§ Try it
Before copying, set the pictures aside; then repeat every line below verbatim.

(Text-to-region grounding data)
--- START ---
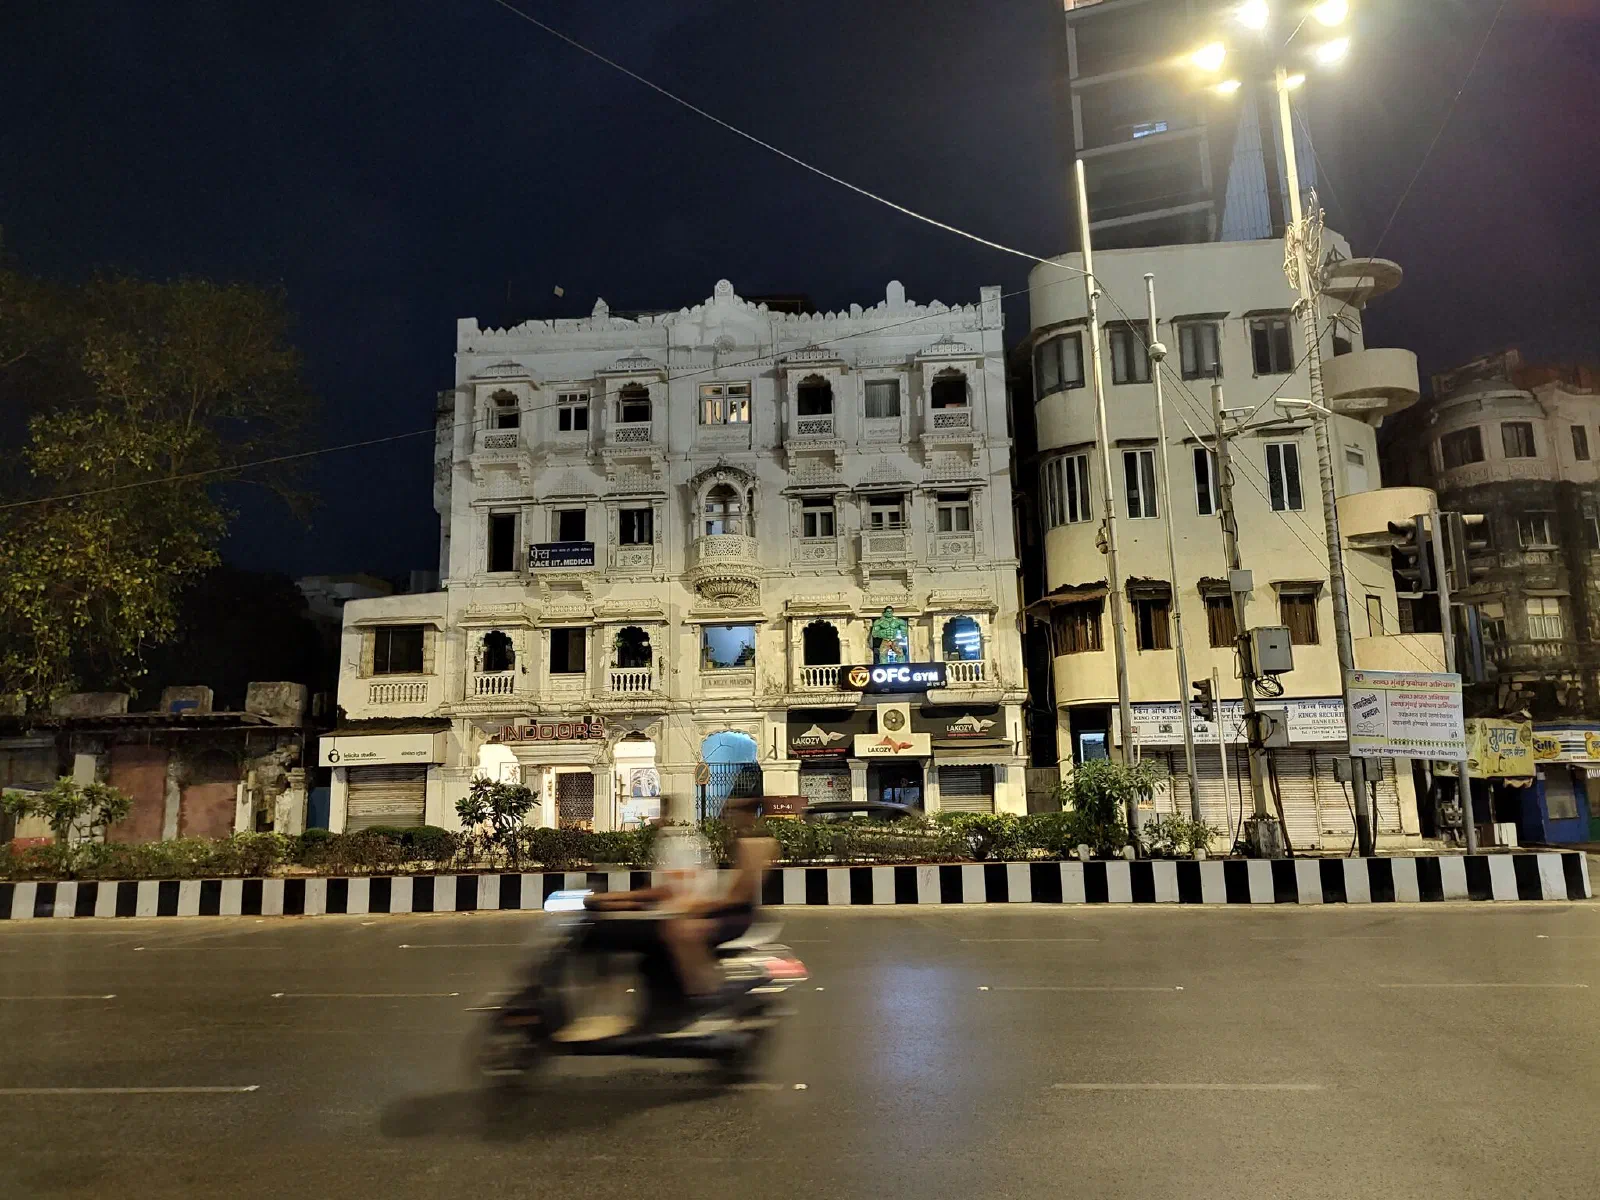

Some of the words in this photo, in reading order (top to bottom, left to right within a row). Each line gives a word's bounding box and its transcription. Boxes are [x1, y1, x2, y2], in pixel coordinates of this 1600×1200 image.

[872, 667, 910, 682] OFC
[913, 672, 938, 681] GYM
[500, 723, 604, 740] INDOORS
[1488, 727, 1518, 752] सुमन
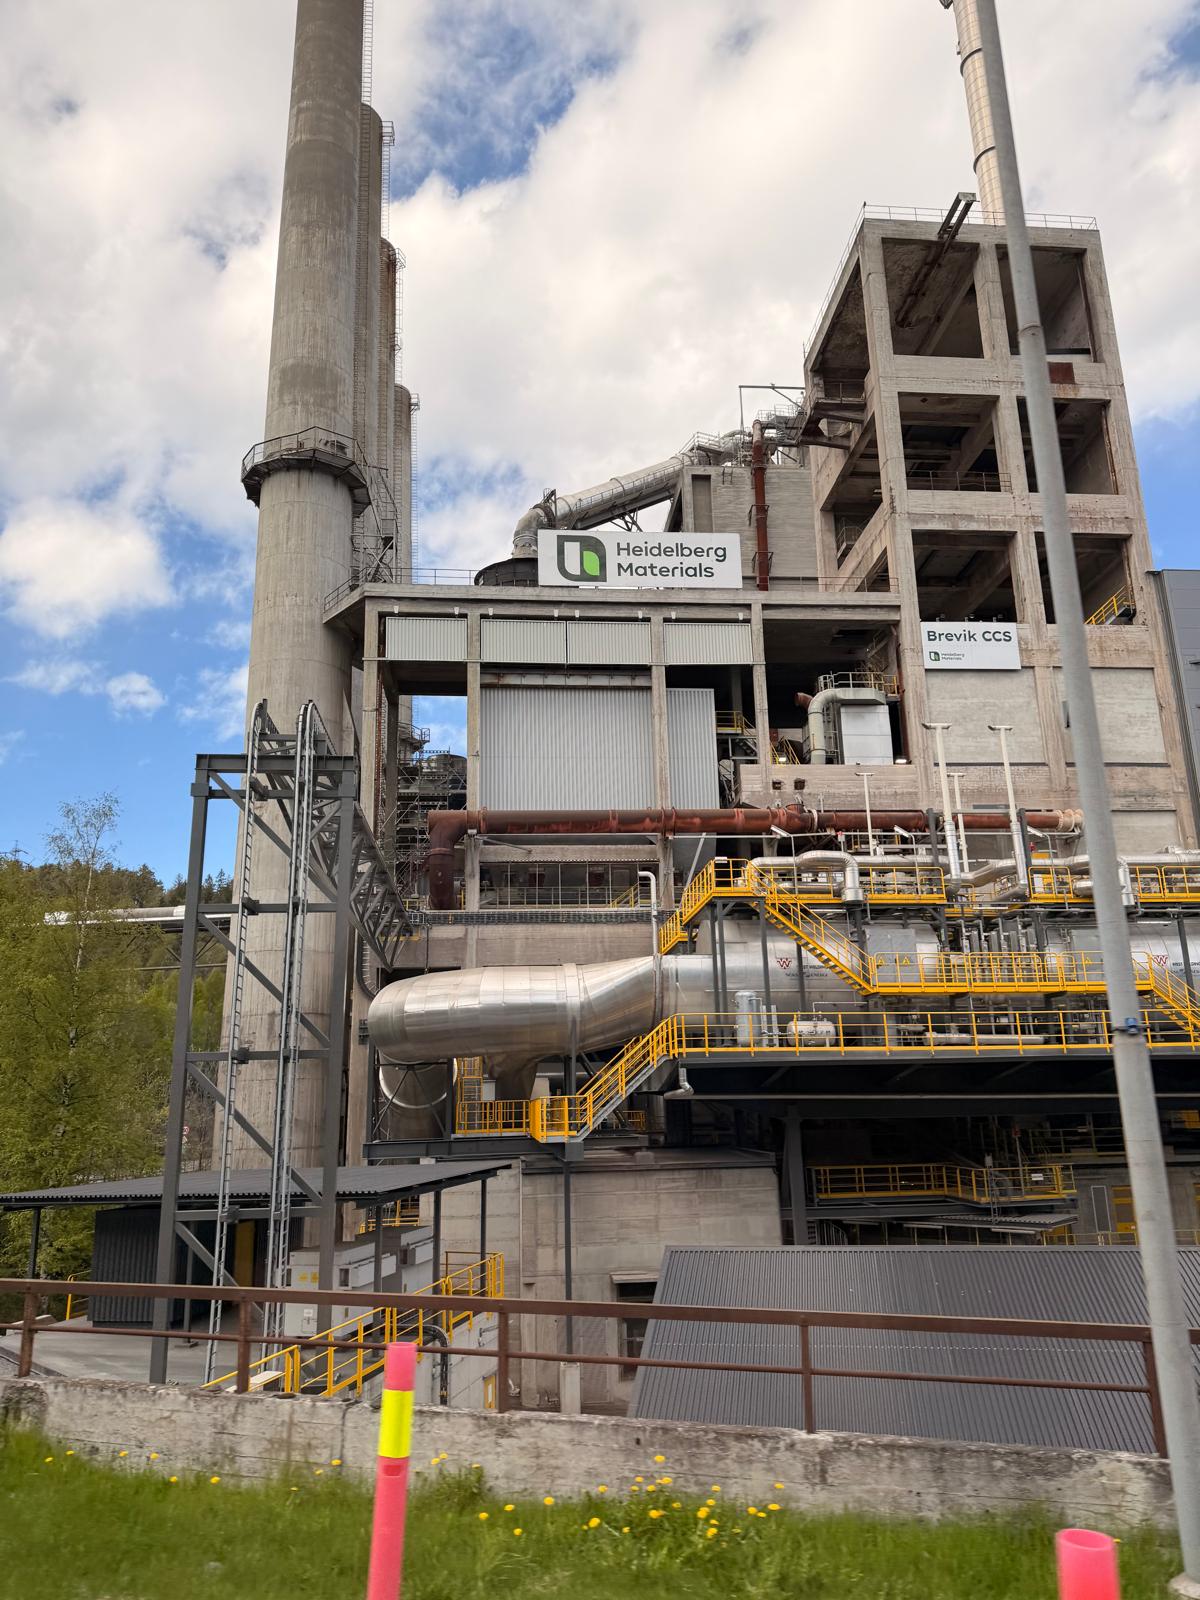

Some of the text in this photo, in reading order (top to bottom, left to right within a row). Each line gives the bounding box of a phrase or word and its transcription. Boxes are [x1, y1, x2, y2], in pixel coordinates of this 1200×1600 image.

[616, 541, 727, 563] Heidelberg
[617, 562, 715, 578] Materials
[926, 629, 1013, 642] Brevik CCS
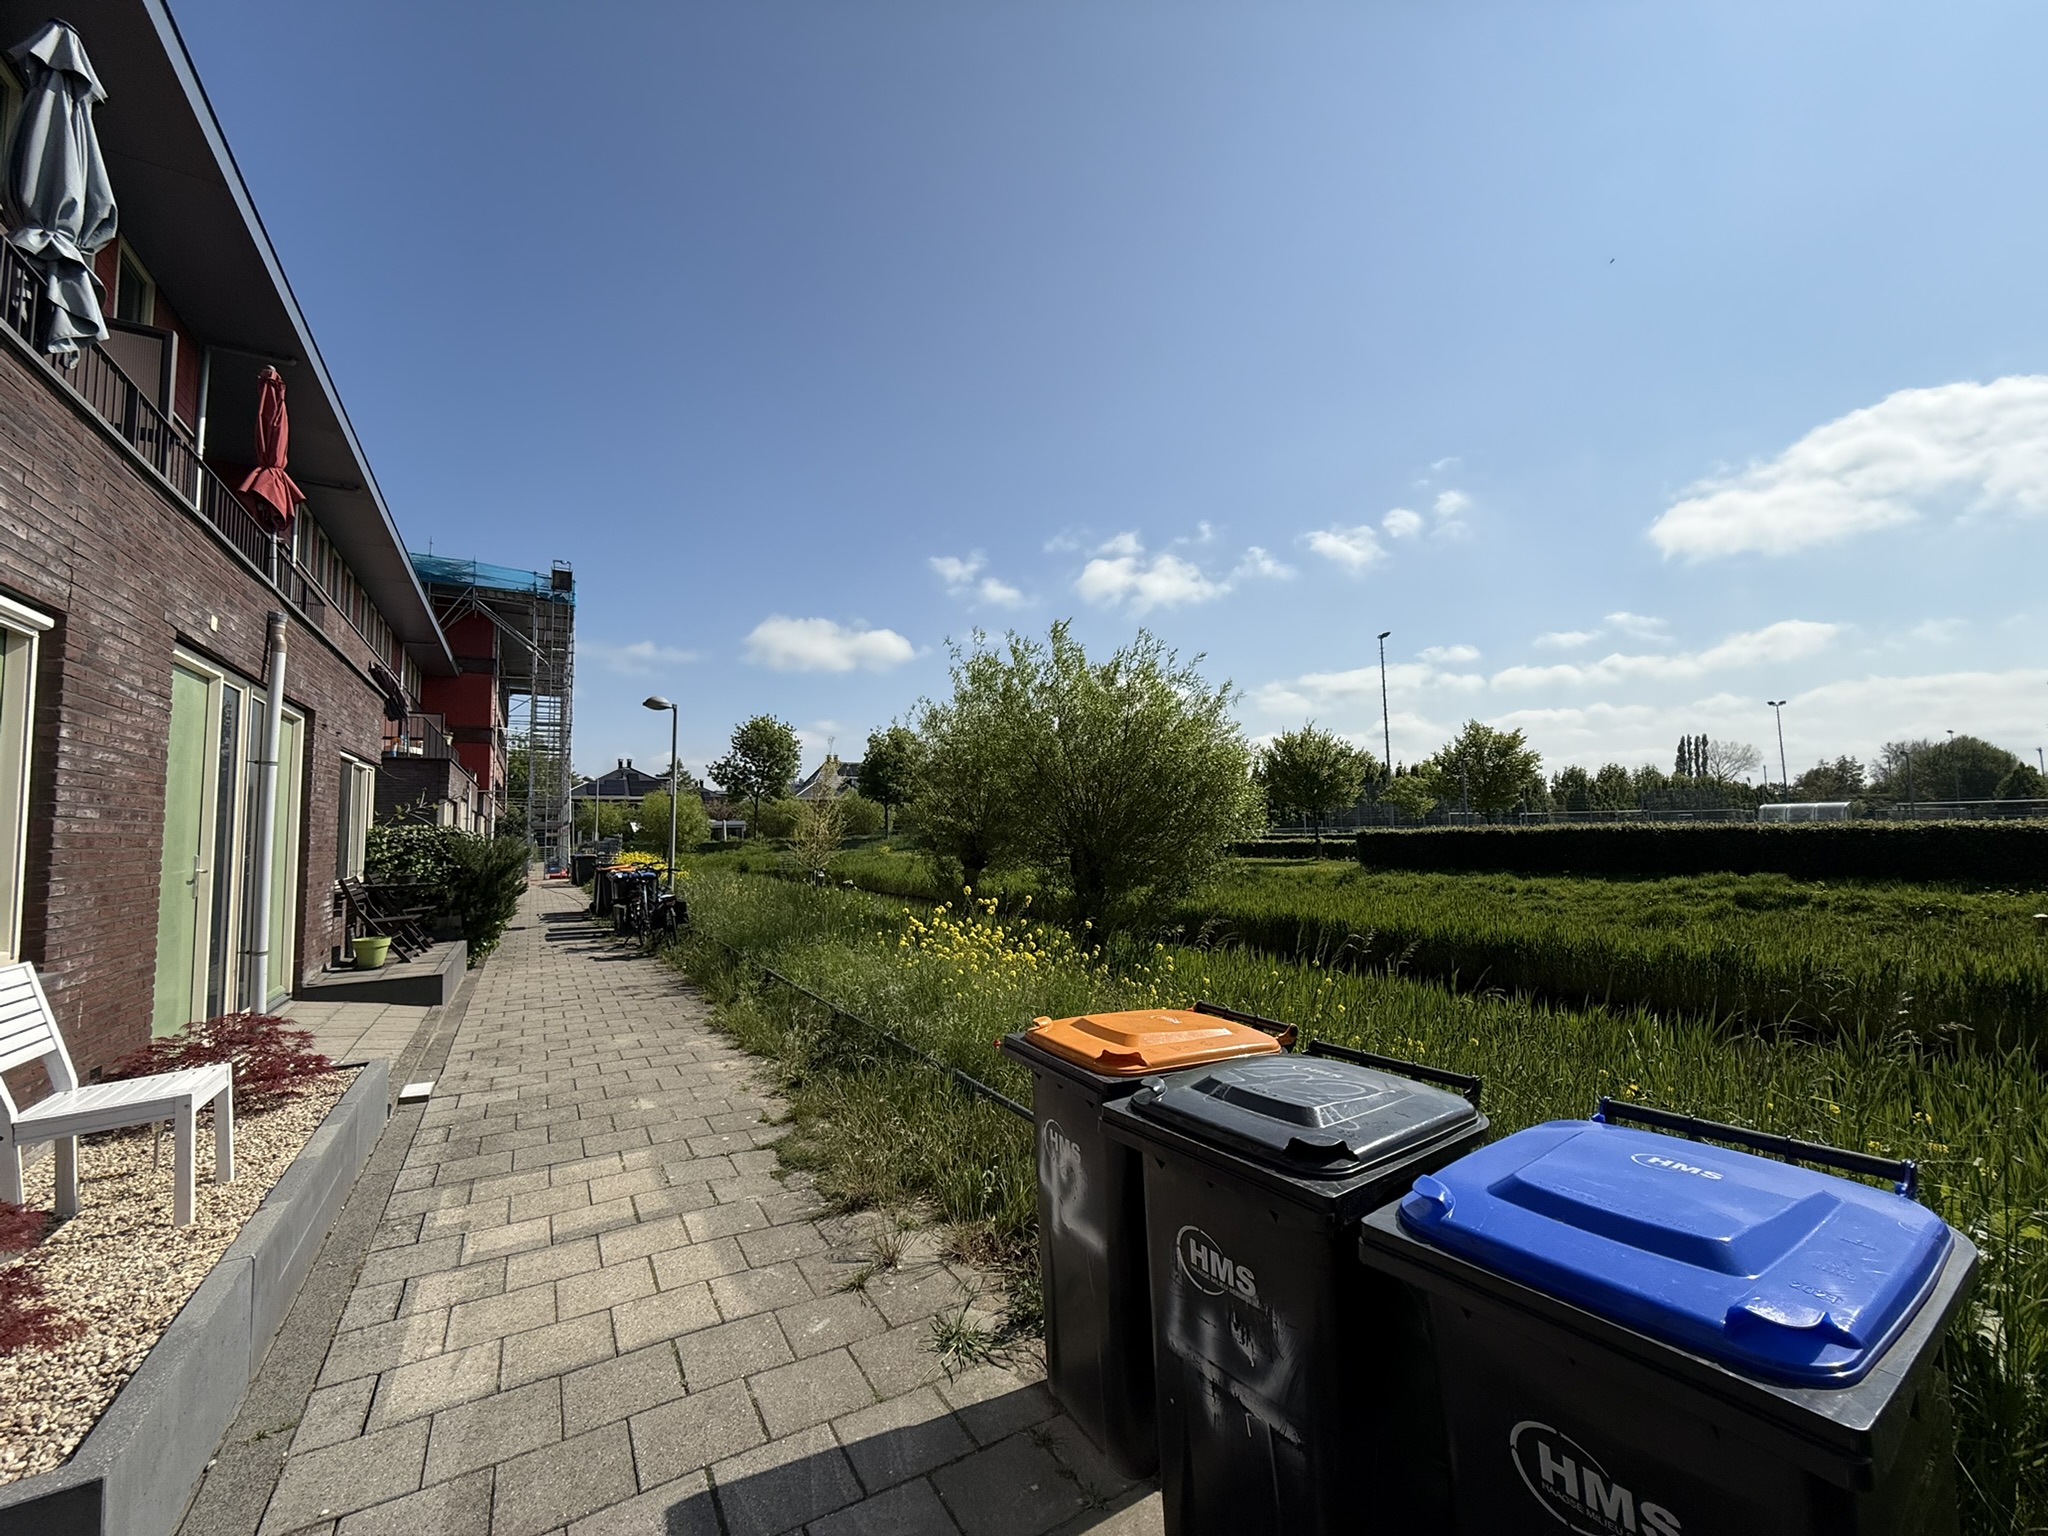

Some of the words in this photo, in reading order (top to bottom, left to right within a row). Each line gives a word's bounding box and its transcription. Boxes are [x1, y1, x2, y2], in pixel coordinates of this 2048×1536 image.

[1050, 1128, 1082, 1162] HMS
[1647, 1157, 1724, 1180] HMS
[1189, 1237, 1256, 1297] HMS
[1541, 1481, 1585, 1515] HAAGSE
[1585, 1508, 1624, 1536] MILIEU
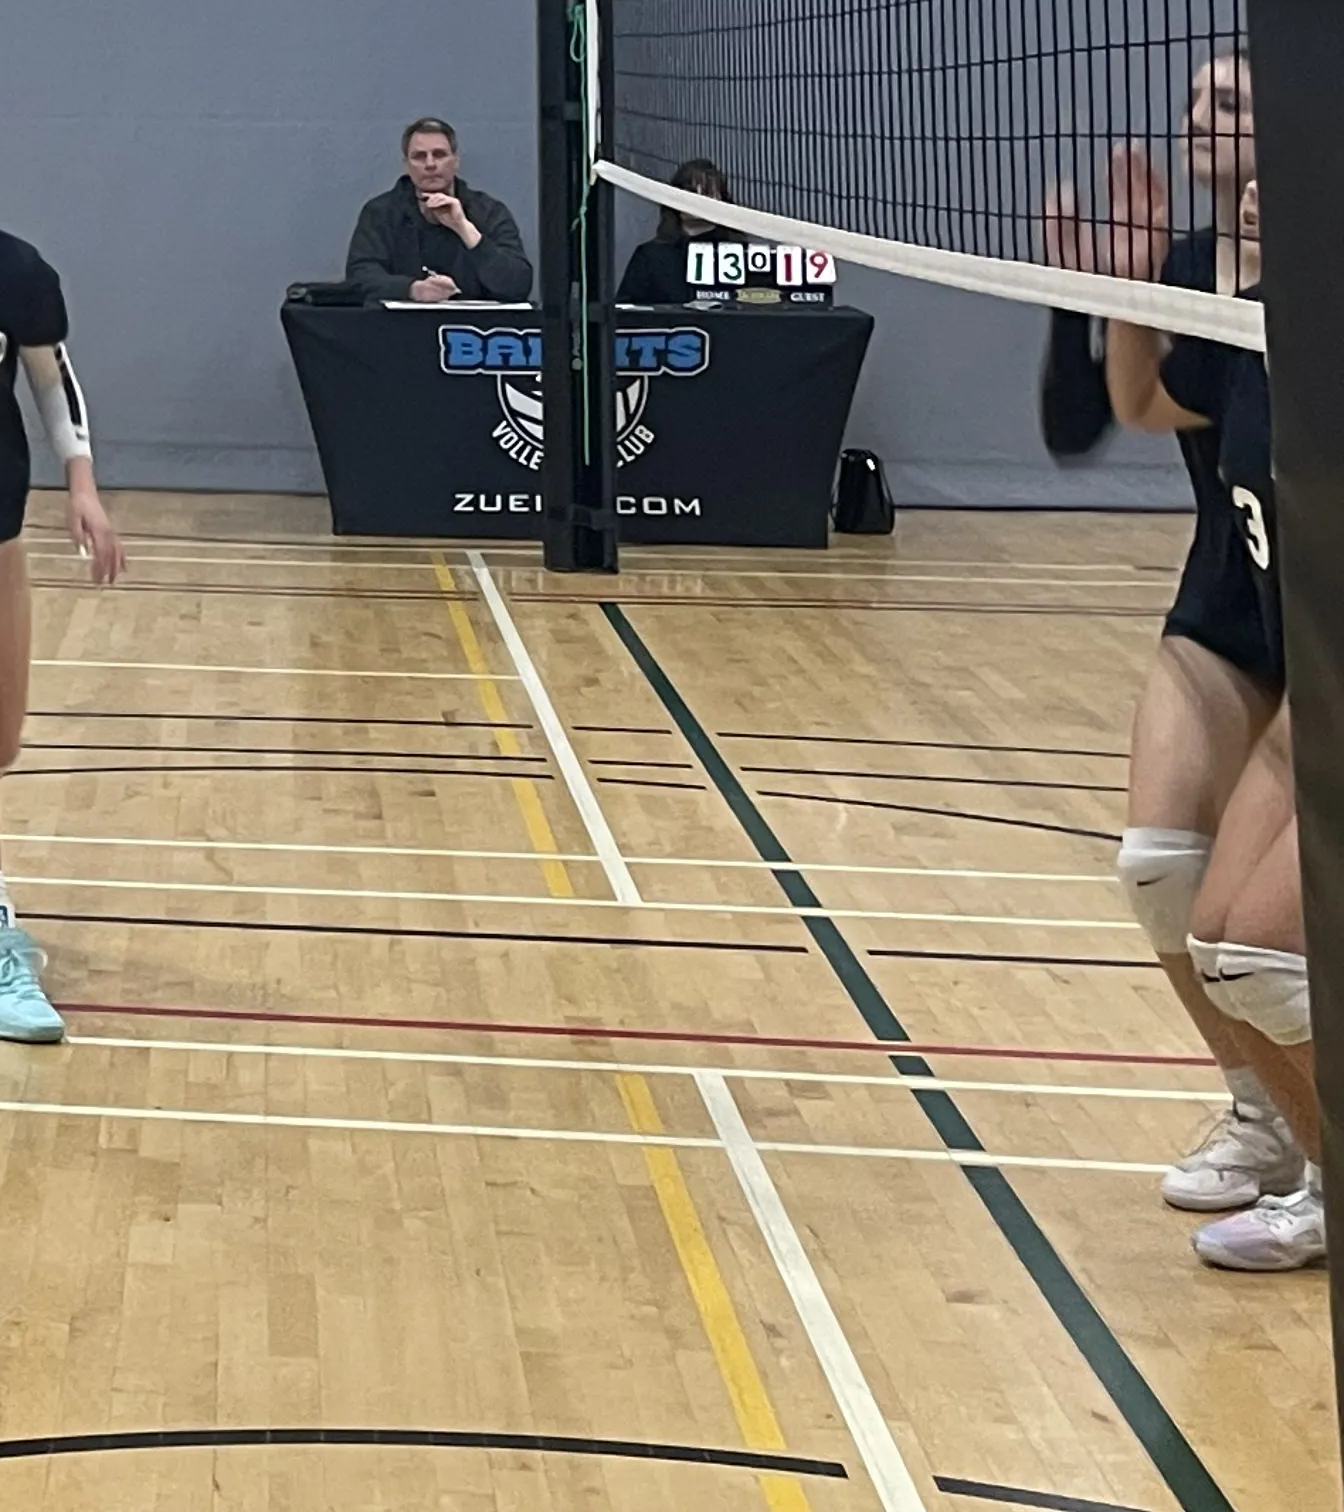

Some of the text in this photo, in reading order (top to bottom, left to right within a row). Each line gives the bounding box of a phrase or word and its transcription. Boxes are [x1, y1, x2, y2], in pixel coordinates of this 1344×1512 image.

[694, 251, 829, 283] 13 0 19
[696, 290, 730, 300] HOME
[790, 292, 826, 302] GUEST
[1232, 485, 1269, 570] 3
--- END ---
§ Your response
Some of the words in this photo, in reading order (top to bottom, left to right within a row). Each line gives a word's bounding box and its transcription. Boxes are [x1, y1, x2, y2], in pixel coordinates of this 1600×1200 image.

[872, 667, 910, 682] OFC
[913, 672, 938, 681] GYM
[500, 723, 604, 740] INDOORS
[1488, 727, 1518, 752] सुमन

Some of the text in this photo, in reading order (top to bottom, left to right within a row). Each line gives the bounding box of a phrase or word and its transcription. Boxes are [x1, y1, x2, y2], in pixel coordinates of this 1200×1600 image.

[616, 541, 727, 563] Heidelberg
[617, 562, 715, 578] Materials
[926, 629, 1013, 642] Brevik CCS

Some of the words in this photo, in reading order (top to bottom, left to right within a row). Each line gives a word's bounding box and its transcription. Boxes are [x1, y1, x2, y2], in pixel coordinates of this 2048×1536 image.

[1050, 1128, 1082, 1162] HMS
[1647, 1157, 1724, 1180] HMS
[1189, 1237, 1256, 1297] HMS
[1541, 1481, 1585, 1515] HAAGSE
[1585, 1508, 1624, 1536] MILIEU

Some of the text in this photo, in reading order (top to bottom, left to right within a row). Each line gives the bounding box of a phrase or word and its transcription. Boxes are [x1, y1, x2, y2], in pixel coordinates of this 1344×1512 image.

[694, 251, 829, 283] 13 0 19
[696, 290, 730, 300] HOME
[790, 292, 826, 302] GUEST
[1232, 485, 1269, 570] 3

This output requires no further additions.